On the heels of a very straightforward 2016 season that was relatively easy to handicap, I have for months been expecting all hell to break loose in 2017. And sure enough, despite the fact that I’m covering every nook and cranny related to fantasy football this summer, I don’t feel like I have my usual handle on the fantasy landscape this year. The main reason is because I see more players than ever who have a very wide range of possible outcomes. That alone will make 2017 very tricky, but the fact that the RBs are coming off a surprisingly durable season also concerns me. The last time that happened it was 2014 – and the RBs were a disaster the next season, in 2015. ADP is usually something to give a lot of credence to, but with more position battles and unsettled situations than perhaps I’ve ever seen, I’ve never seen early ADP data look so volatile and unreliable (although it’s gotten better here in August). It makes sense that fantasy players are wondering what we have with many different players and situations this year because the NFL coaches don’t know, either, because they don’t have the proper time to evaluate their roster. That’s been part of the problem for at least a half a decade.
Now with all this said, I’m not trying to paint a gloomy picture. On the contrary, actually. I think there are measures we can take to avoid being trapped in by the draft trends this year, and I think we can be smart enough in our approach this year to emerge victorious yet again, and I will be covering those thoughts throughout this article.
But let’s get a few things out of the way here at the top that are critical to this year’s draft plan.
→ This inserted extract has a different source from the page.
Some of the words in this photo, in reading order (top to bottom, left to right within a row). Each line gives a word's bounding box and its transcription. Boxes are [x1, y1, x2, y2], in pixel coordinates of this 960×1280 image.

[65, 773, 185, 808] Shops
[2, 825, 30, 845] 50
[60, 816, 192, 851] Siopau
- I do want a stud RB this year because there’s a huge drop-off (on paper and in theory) after the top-12 or so guys. However, I’m simply not going RB-heavy in my drafts the first 3-4 rounds. I want 1 RB early, and that’s probably it for at least two rounds unless someone falls or really stands out as the best player available. As our data maven Graham Barfield points out in his excellent article here, we’re advising you do the opposite of what RB-hungry drafters are this year, and that’s to target WRs heavily in the first 3-4 rounds.
- I’m a little more inclined to pay up for certain QBs, most notably Tom Brady. There will be busts in and around where Brady is drafted this year, which is early, and one way to avoid them is to draft Brady (at the v...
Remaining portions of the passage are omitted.